Entries provided:
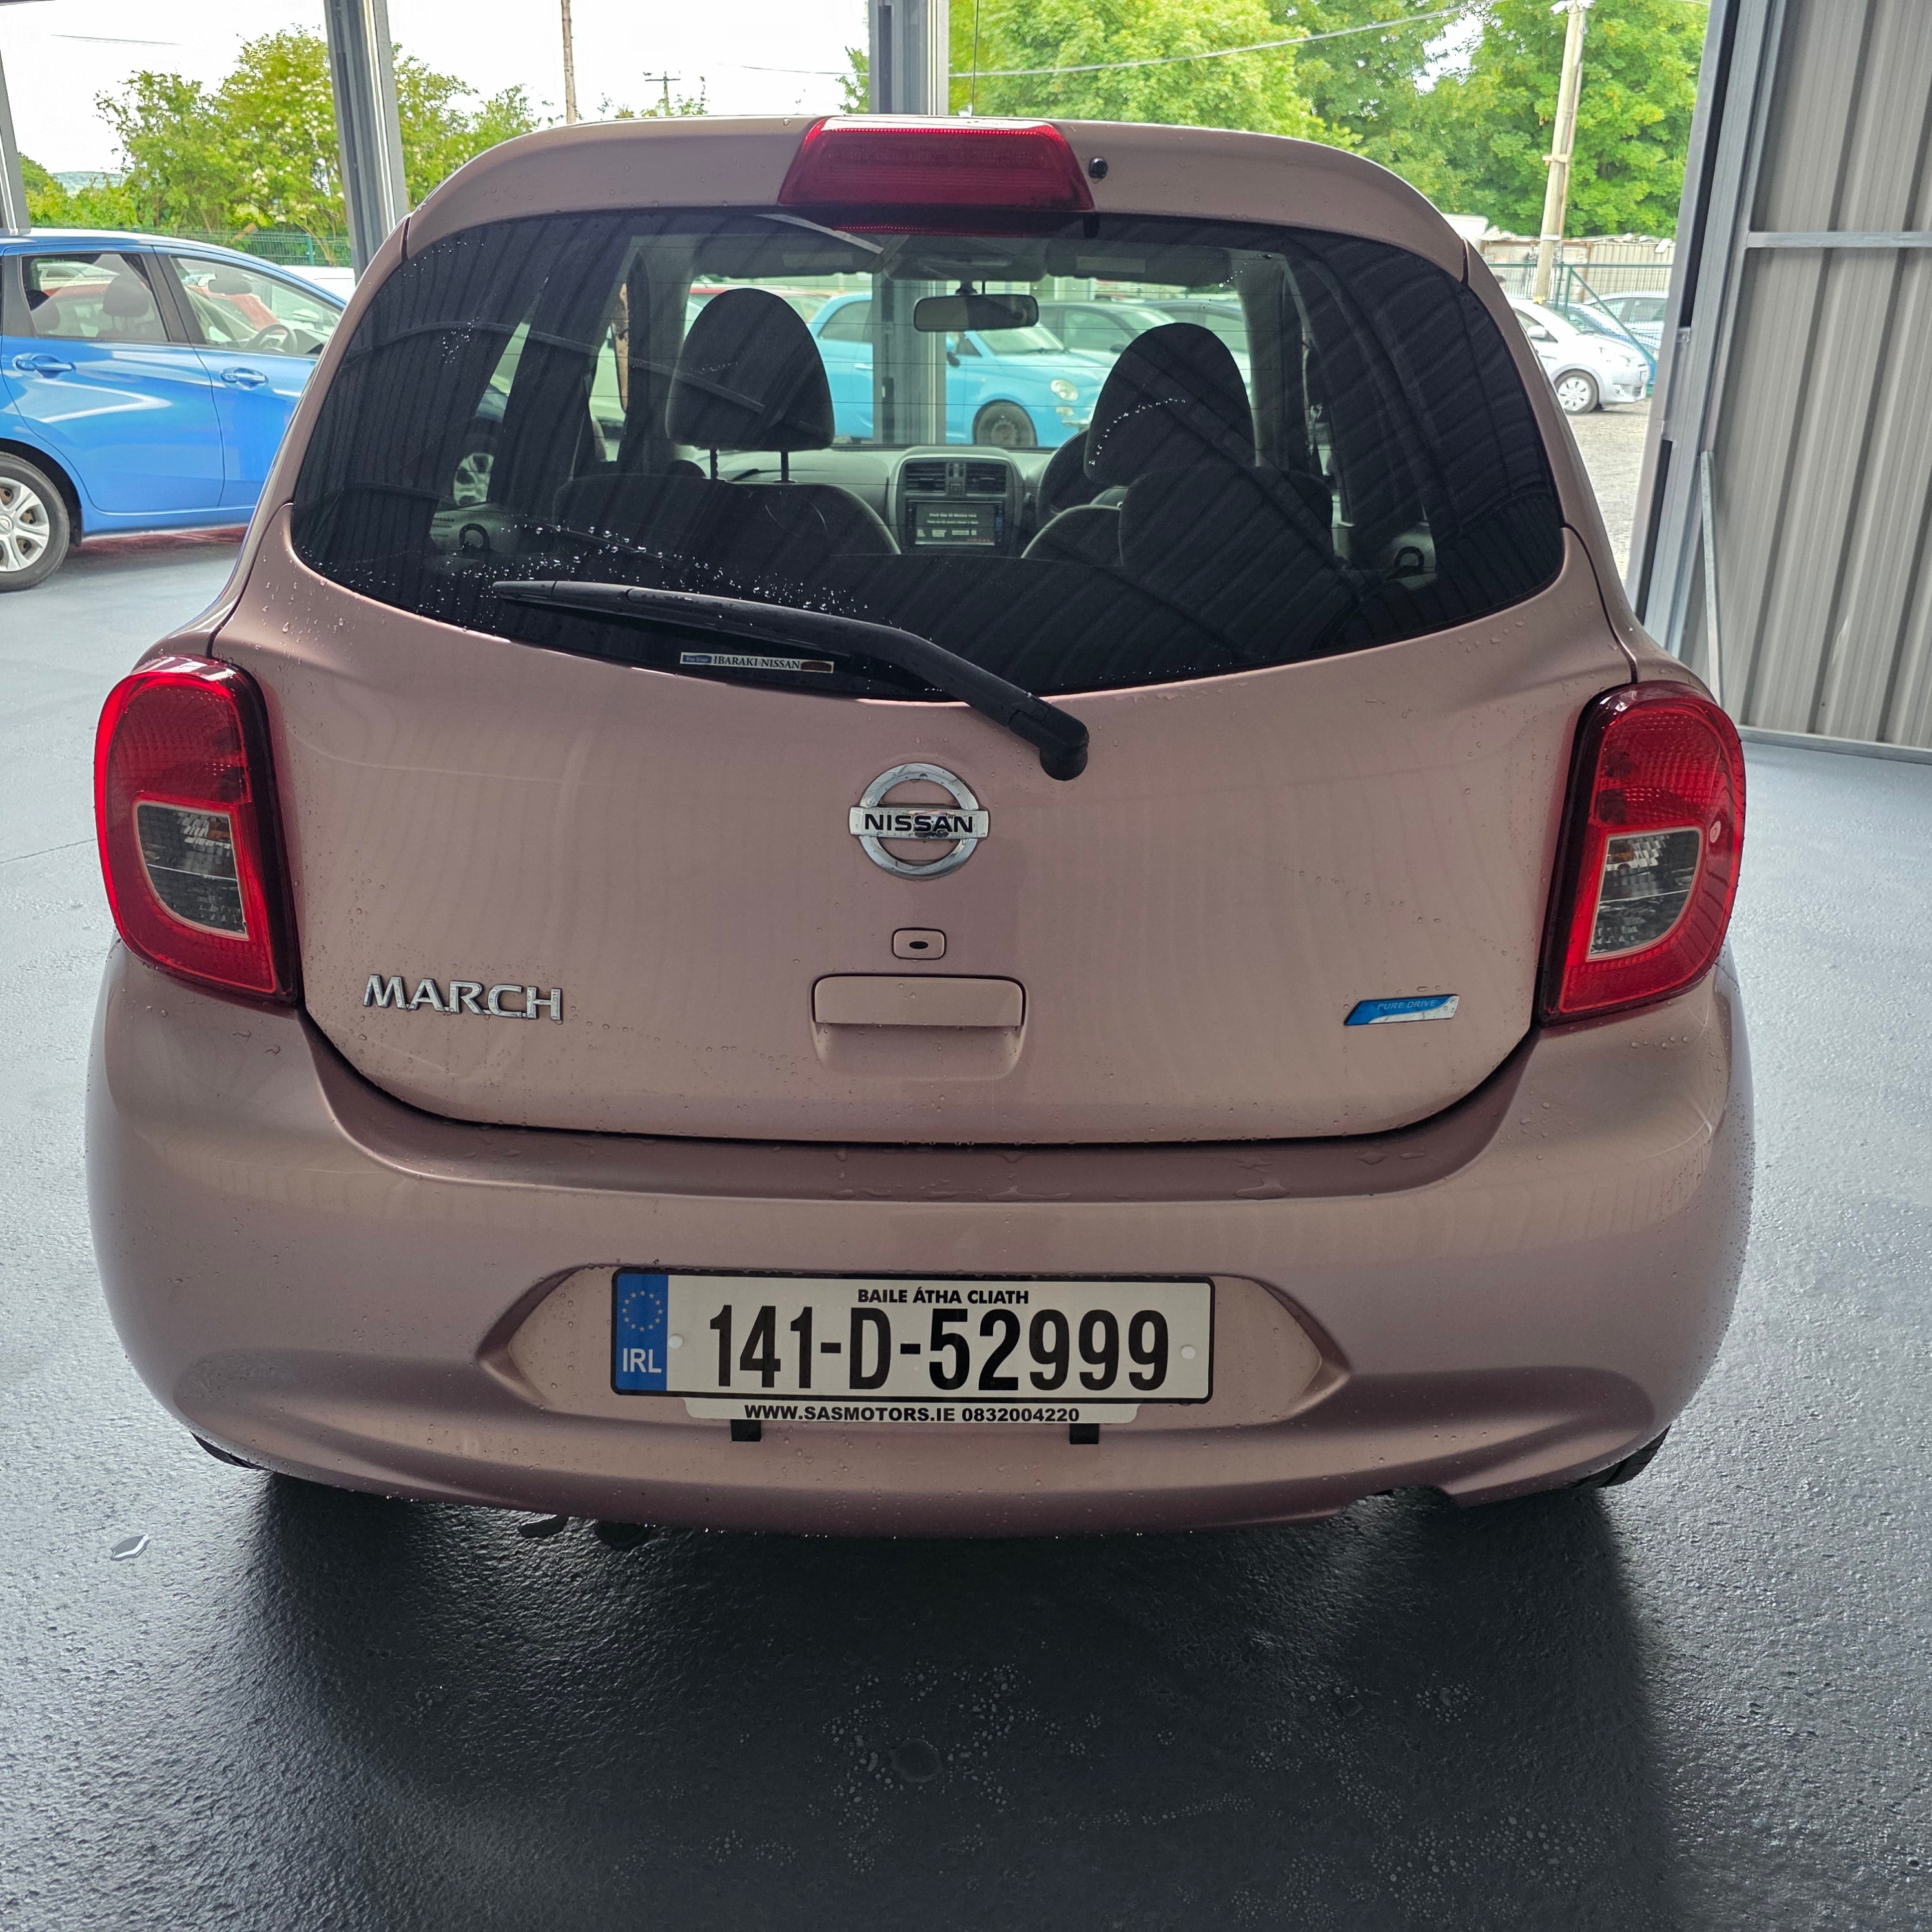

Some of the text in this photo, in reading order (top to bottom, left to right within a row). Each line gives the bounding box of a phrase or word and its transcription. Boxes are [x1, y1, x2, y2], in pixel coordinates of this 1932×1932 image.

[713, 656, 758, 666] IBARAKI
[761, 659, 801, 669] NISSAN
[865, 814, 973, 833] NISSAN
[362, 974, 562, 1021] MARCH
[1377, 1000, 1437, 1011] PURE DRIVE
[858, 1286, 1029, 1304] BAILE ÁTHA CLIATH
[710, 1304, 1169, 1392] 141-D-52999
[622, 1348, 663, 1373] IRL
[744, 1404, 1080, 1422] WWW.SASMOTORS.IE 0832004220
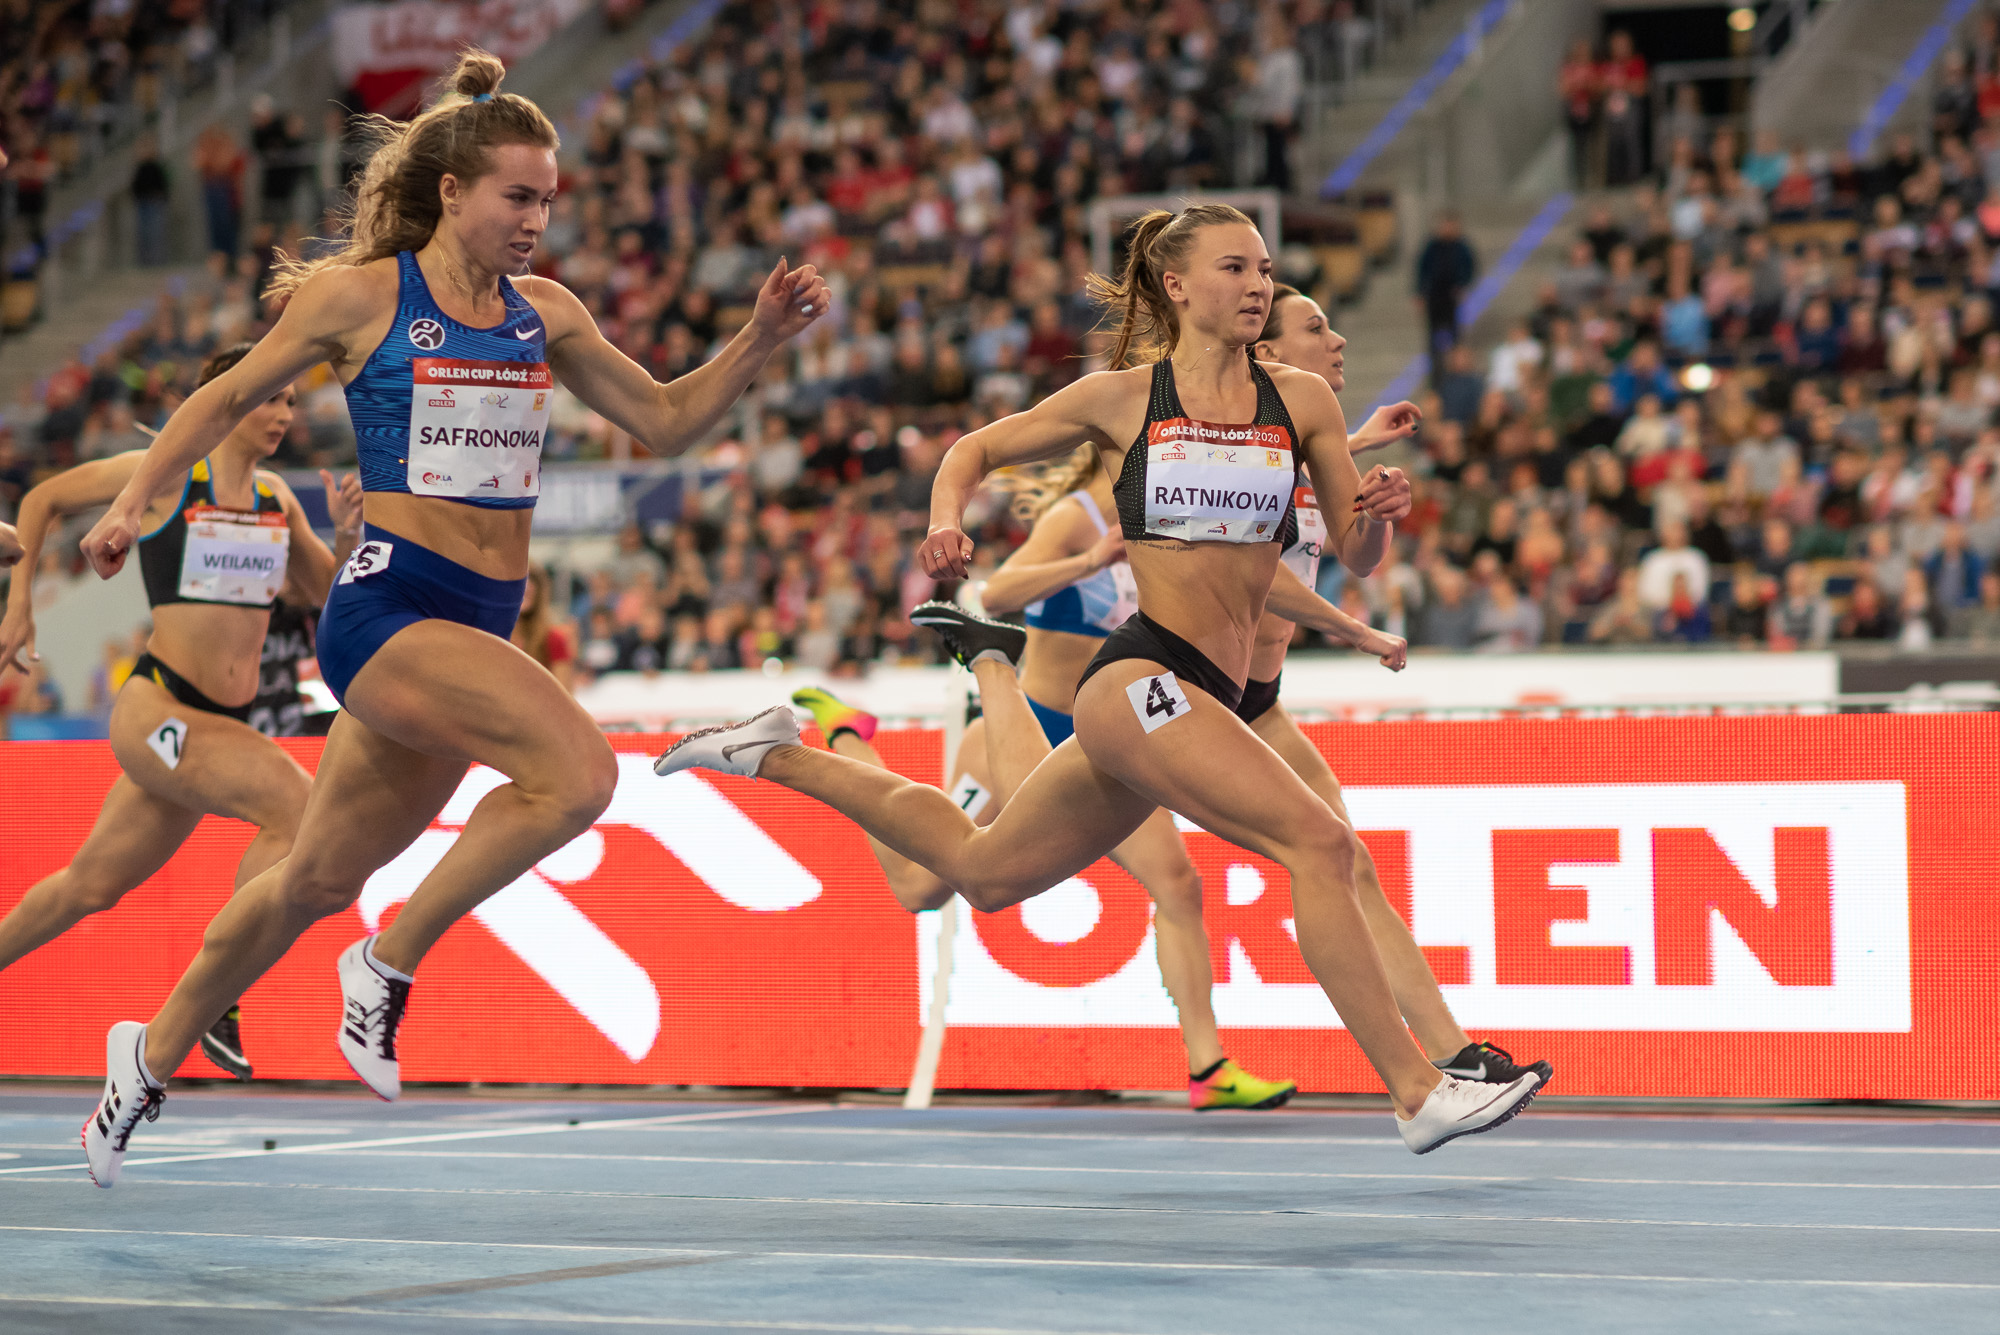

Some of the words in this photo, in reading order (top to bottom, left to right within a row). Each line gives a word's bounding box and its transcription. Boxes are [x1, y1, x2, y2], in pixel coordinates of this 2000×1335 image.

Problem to solve:
Print each record exactly as it stands, omitting the pictures.

Expected output:
Some of the text in this photo, in reading order (top to bottom, left to right within a row). Each line gives the bounding box of a phrase or word and its transcription. Boxes are [x1, y1, x2, y2], in pixel coordinates of this 1932×1932 image.

[713, 656, 758, 666] IBARAKI
[761, 659, 801, 669] NISSAN
[865, 814, 973, 833] NISSAN
[362, 974, 562, 1021] MARCH
[1377, 1000, 1437, 1011] PURE DRIVE
[858, 1286, 1029, 1304] BAILE ÁTHA CLIATH
[710, 1304, 1169, 1392] 141-D-52999
[622, 1348, 663, 1373] IRL
[744, 1404, 1080, 1422] WWW.SASMOTORS.IE 0832004220

Some of the words in this photo, in reading order (top to bottom, left to right within a row). Each line gives a word's bounding box and its transcription. Boxes are [x1, y1, x2, y2], in pixel coordinates of this 2000×1335 image.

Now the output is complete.